== Segment start ==
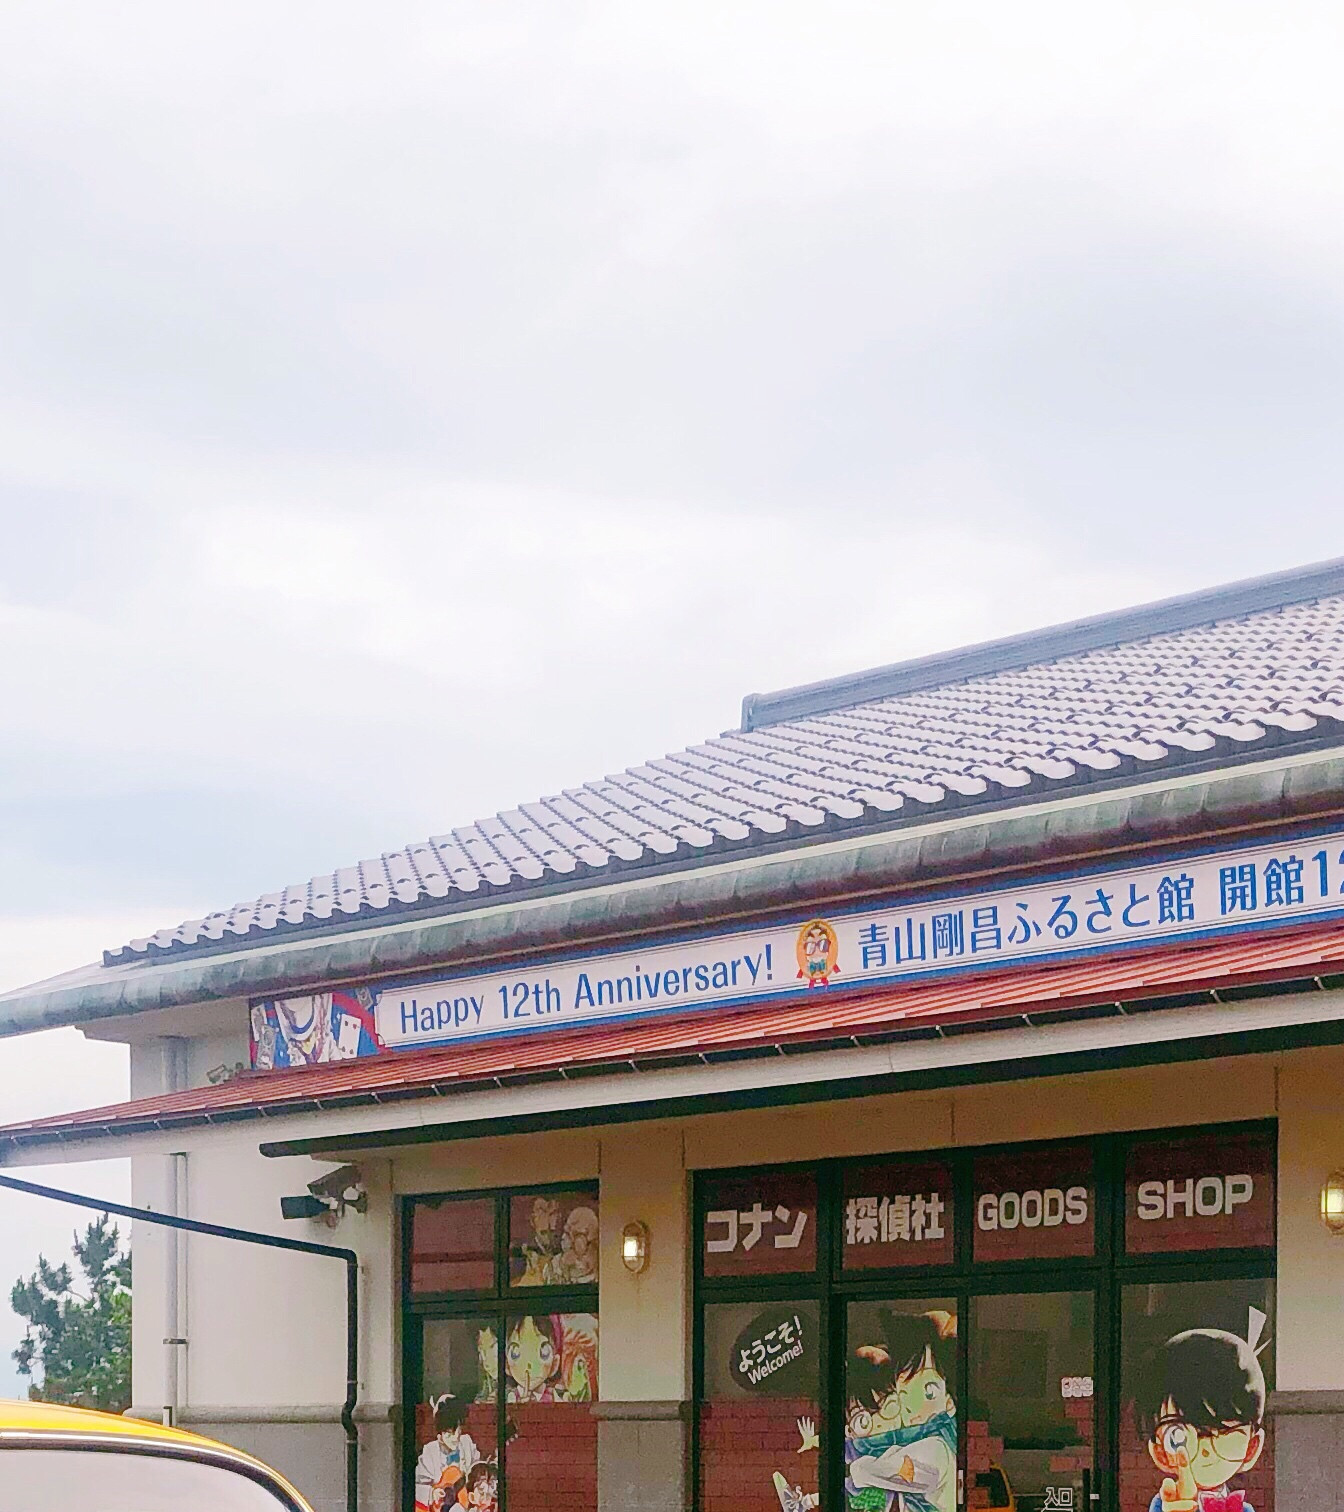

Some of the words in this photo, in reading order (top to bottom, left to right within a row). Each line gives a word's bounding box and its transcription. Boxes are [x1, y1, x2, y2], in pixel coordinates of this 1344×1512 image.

[856, 872, 1196, 970] 青山剛昌ふるさと館
[399, 994, 485, 1034] Happy
[498, 977, 562, 1020] 12th
[574, 943, 774, 1010] Anniversary!
[706, 1203, 808, 1254] コナン
[845, 1193, 946, 1245] 探偵社
[977, 1186, 1088, 1231] GOODS
[1136, 1173, 1254, 1220] SHOP
[747, 1339, 804, 1385] Welcome!
[1044, 1486, 1073, 1507] 入口
== Segment end ==
Keep the pictures out of the copy and return the rest of the data above exactly.

● Your solution:
Some of the words in this photo, in reading order (top to bottom, left to right within a row). Each line gives a word's bounding box and its transcription. Boxes are [x1, y1, x2, y2], in pixel coordinates of this 1344×1512 image.

[856, 872, 1196, 970] 青山剛昌ふるさと館
[399, 994, 485, 1034] Happy
[498, 977, 562, 1020] 12th
[574, 943, 774, 1010] Anniversary!
[706, 1203, 808, 1254] コナン
[845, 1193, 946, 1245] 探偵社
[977, 1186, 1088, 1231] GOODS
[1136, 1173, 1254, 1220] SHOP
[747, 1339, 804, 1385] Welcome!
[1044, 1486, 1073, 1507] 入口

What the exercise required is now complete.